- **THE TASK**
An exact transcription of every record is needed.

Records from a collection:
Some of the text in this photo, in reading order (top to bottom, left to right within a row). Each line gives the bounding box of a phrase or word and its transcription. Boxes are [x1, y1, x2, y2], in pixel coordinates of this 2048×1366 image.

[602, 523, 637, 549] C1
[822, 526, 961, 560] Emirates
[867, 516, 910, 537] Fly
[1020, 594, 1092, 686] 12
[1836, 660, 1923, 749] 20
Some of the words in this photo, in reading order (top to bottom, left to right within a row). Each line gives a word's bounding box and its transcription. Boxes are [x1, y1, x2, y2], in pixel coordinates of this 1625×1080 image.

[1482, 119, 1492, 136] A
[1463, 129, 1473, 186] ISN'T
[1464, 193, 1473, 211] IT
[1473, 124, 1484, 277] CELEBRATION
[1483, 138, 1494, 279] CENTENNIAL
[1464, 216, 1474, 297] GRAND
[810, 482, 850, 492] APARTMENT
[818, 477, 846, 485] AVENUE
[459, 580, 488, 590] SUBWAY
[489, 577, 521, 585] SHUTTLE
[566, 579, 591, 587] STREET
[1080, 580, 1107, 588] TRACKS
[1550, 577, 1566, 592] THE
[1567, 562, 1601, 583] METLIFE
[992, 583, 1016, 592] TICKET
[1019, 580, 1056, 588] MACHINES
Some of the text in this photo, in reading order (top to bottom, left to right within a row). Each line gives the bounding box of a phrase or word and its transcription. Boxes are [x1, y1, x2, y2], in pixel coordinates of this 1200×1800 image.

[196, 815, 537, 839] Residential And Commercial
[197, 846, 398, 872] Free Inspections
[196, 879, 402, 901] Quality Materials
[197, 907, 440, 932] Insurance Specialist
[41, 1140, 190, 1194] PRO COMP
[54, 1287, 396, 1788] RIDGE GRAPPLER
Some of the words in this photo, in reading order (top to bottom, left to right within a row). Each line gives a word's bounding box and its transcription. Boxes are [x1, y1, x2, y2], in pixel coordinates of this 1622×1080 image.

- **TASK RESULT**
Some of the text in this photo, in reading order (top to bottom, left to right within a row). Each line gives the bounding box of a phrase or word and its transcription. Boxes are [x1, y1, x2, y2], in pixel coordinates of this 2048×1366 image.

[602, 523, 637, 549] C1
[822, 526, 961, 560] Emirates
[867, 516, 910, 537] Fly
[1020, 594, 1092, 686] 12
[1836, 660, 1923, 749] 20
Some of the words in this photo, in reading order (top to bottom, left to right within a row). Each line gives a word's bounding box and its transcription. Boxes are [x1, y1, x2, y2], in pixel coordinates of this 1625×1080 image.

[1482, 119, 1492, 136] A
[1463, 129, 1473, 186] ISN'T
[1464, 193, 1473, 211] IT
[1473, 124, 1484, 277] CELEBRATION
[1483, 138, 1494, 279] CENTENNIAL
[1464, 216, 1474, 297] GRAND
[810, 482, 850, 492] APARTMENT
[818, 477, 846, 485] AVENUE
[459, 580, 488, 590] SUBWAY
[489, 577, 521, 585] SHUTTLE
[566, 579, 591, 587] STREET
[1080, 580, 1107, 588] TRACKS
[1550, 577, 1566, 592] THE
[1567, 562, 1601, 583] METLIFE
[992, 583, 1016, 592] TICKET
[1019, 580, 1056, 588] MACHINES
Some of the text in this photo, in reading order (top to bottom, left to right within a row). Each line gives the bounding box of a phrase or word and its transcription. Boxes are [x1, y1, x2, y2], in pixel coordinates of this 1200×1800 image.

[196, 815, 537, 839] Residential And Commercial
[197, 846, 398, 872] Free Inspections
[196, 879, 402, 901] Quality Materials
[197, 907, 440, 932] Insurance Specialist
[41, 1140, 190, 1194] PRO COMP
[54, 1287, 396, 1788] RIDGE GRAPPLER
Some of the words in this photo, in reading order (top to bottom, left to right within a row). Each line gives a word's bounding box and its transcription. Boxes are [x1, y1, x2, y2], in pixel coordinates of this 1622×1080 image.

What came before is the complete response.